At the darkest time of night, he ordered his men to wheel the siege-engine around the outer edge of the wood. It took six of them to drag it with ropes, three more to push from behind. Its wooden wheels and their rough-hewn axles squeaked and groaned each time it went over uneven ground. The men were uneasy and so was McLennan, riding alongside with Peony behind him. (Why had he taken her with him? Because he always took her. Because he didn’t know how to leave her. Because he had not decided what to do with her.) He hadn’t expected it to be so noisy. They would have to move it quickly up the hill and attack without delay, before the defenders were roused. Luckily the wind was in their faces, blowing the sounds away.
It was well after midnight when they reached the foot of the hill on which Mclnnes’s mansion stood. McLennan ordered complete silence, but he couldn’t silence his horse. When a sh
rill whinny suddenly pierced the night, all the men felt a chill of fear. But they were still far enough away so that perhaps it hadn’t been heard. McLennan ordered the pullers and pushers to be changed to fresh men and the siege-engine hauled up the hill as fast as possible, with the missiles being dragged behind on hurdles. He rode ahead of them at the trot. And abruptly reined to a stop.
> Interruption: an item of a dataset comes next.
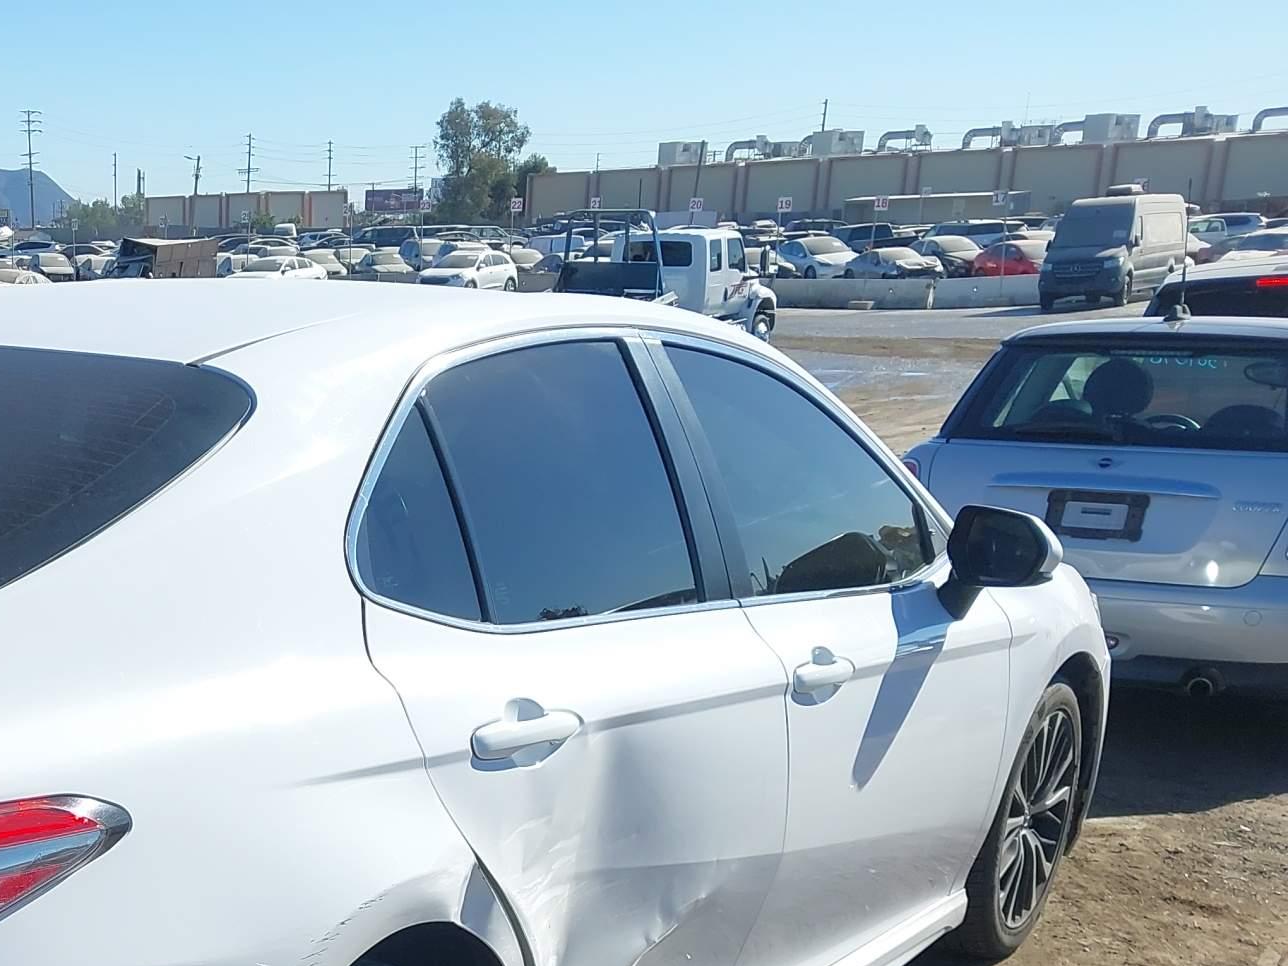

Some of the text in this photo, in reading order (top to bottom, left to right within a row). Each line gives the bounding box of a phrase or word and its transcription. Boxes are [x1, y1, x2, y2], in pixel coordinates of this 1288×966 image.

[512, 200, 522, 209] 22
[690, 200, 702, 209] 20
[778, 200, 791, 209] 19
[875, 199, 888, 208] 18
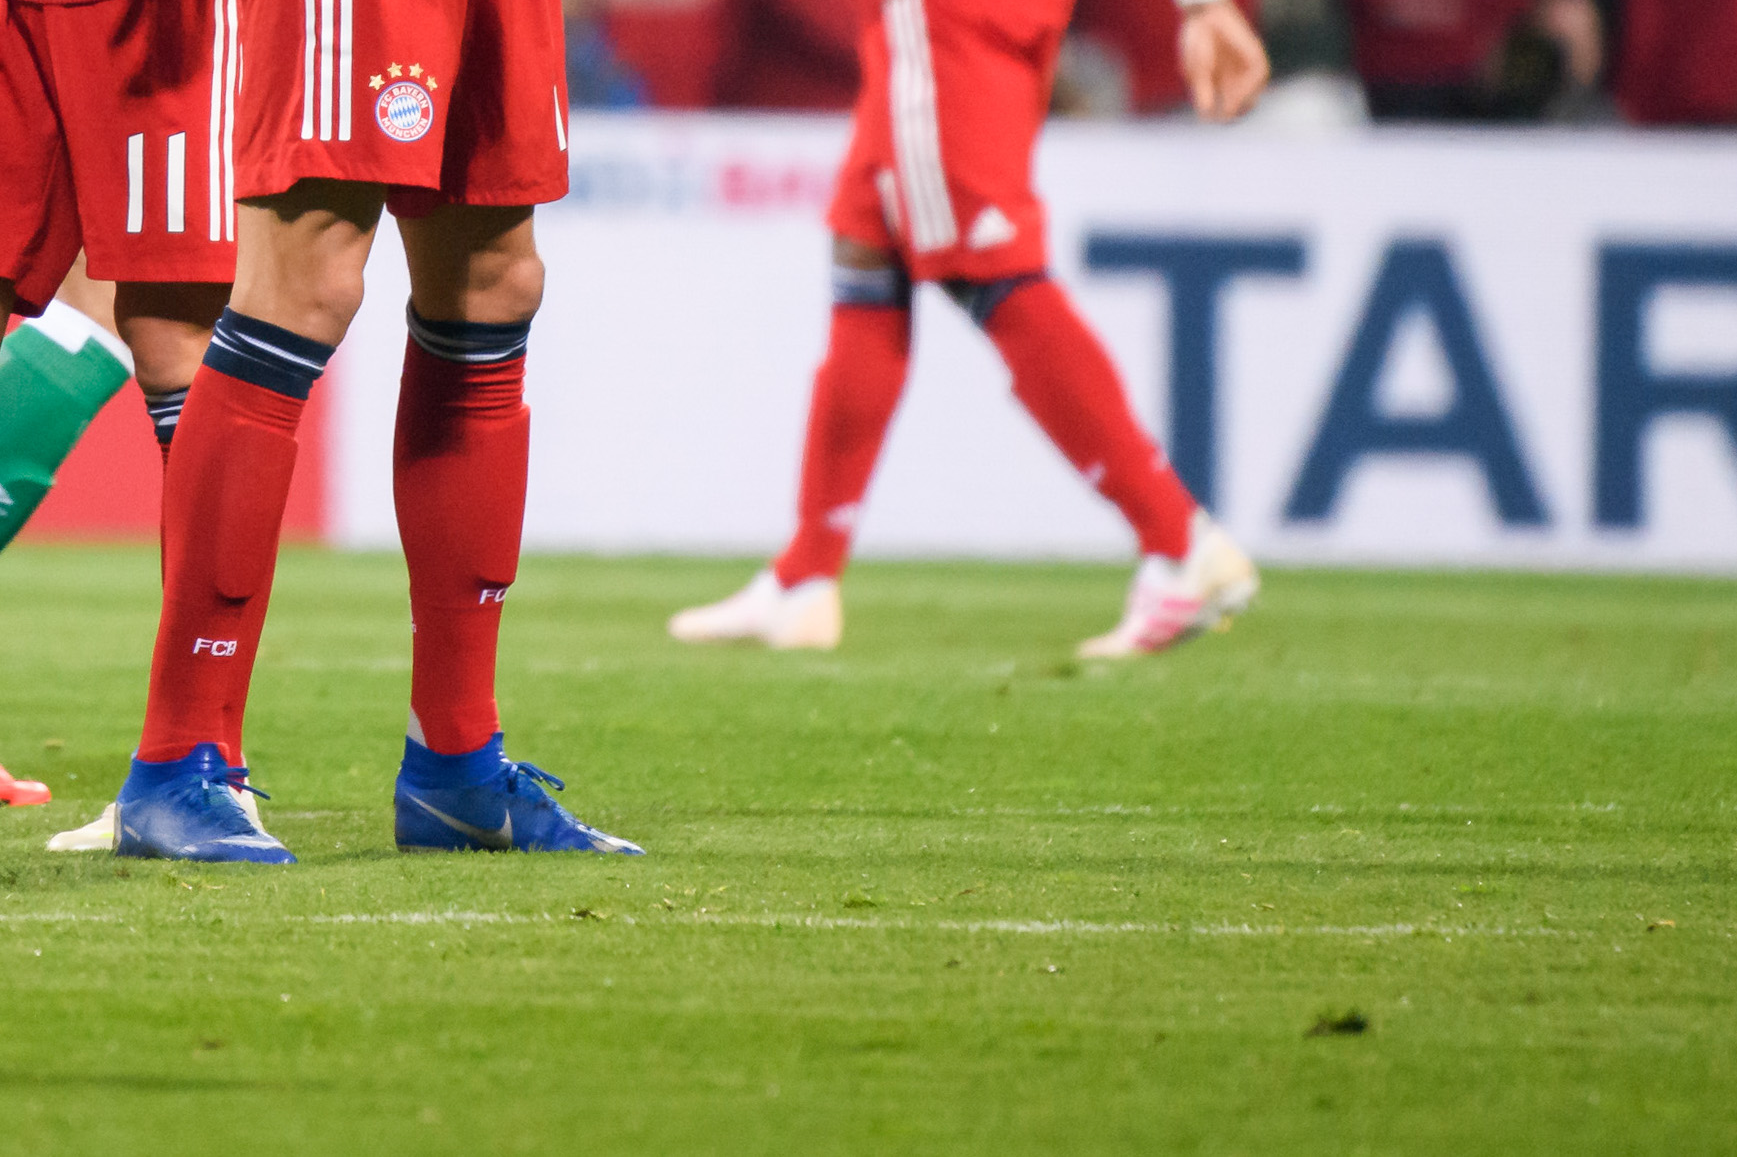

He’d seen something that appalled him. All the men behind him stopped too. Those who were dragging the siege-engine braced themselves against its gravitational backward pull, and looked up for the first time, instead of at the ground. And they saw what he saw.
Between the crenellations around the building, sudden points of bright light sprang forth. Fires…! Those fires told McLennan at once that his enemy had been forewarned, that his purpose had been discovered.
He looked at the walls. He couldn’t see the windows in the blackness, but he guessed that behind every one, a man with a bow and arrows was waiting in the dark. He knew what would happen when his men stormed the building that held his enemy.
McLennan’s heart hammered and his limbs trembled, not with fear but with the most intense disappointment and frustration. The raid was doomed. There would be no conquest and no prisoners to take back and put in the dungeon. Once again his hated enemy would triumph. Unless…
McLennan’s right hand reached slowly behind him. Peony was there, a soft, compliant figure… Suddenly he grasped her. He dragged her from behind him to the front. He held her on the pommel of his saddle and brought his mouth close to her ear.
‘Listen to me,’ he whispered. ‘I know now why I brought ye. Ye’re going to go up that hill. Ye’11 walk around the building. Ye will cry and wail like a lost soul, just as loud as a body can wail! They’ll think ye’re a banshee. That’ll put the fear of the devil into them.’
Peony partly understood. She understood what she had to do, and her heart froze. Alone in the dark of night, she had to walk up a hill and round that great black shape with its crown of fire, outlined against the stars. She had to cry and wail like a banshee.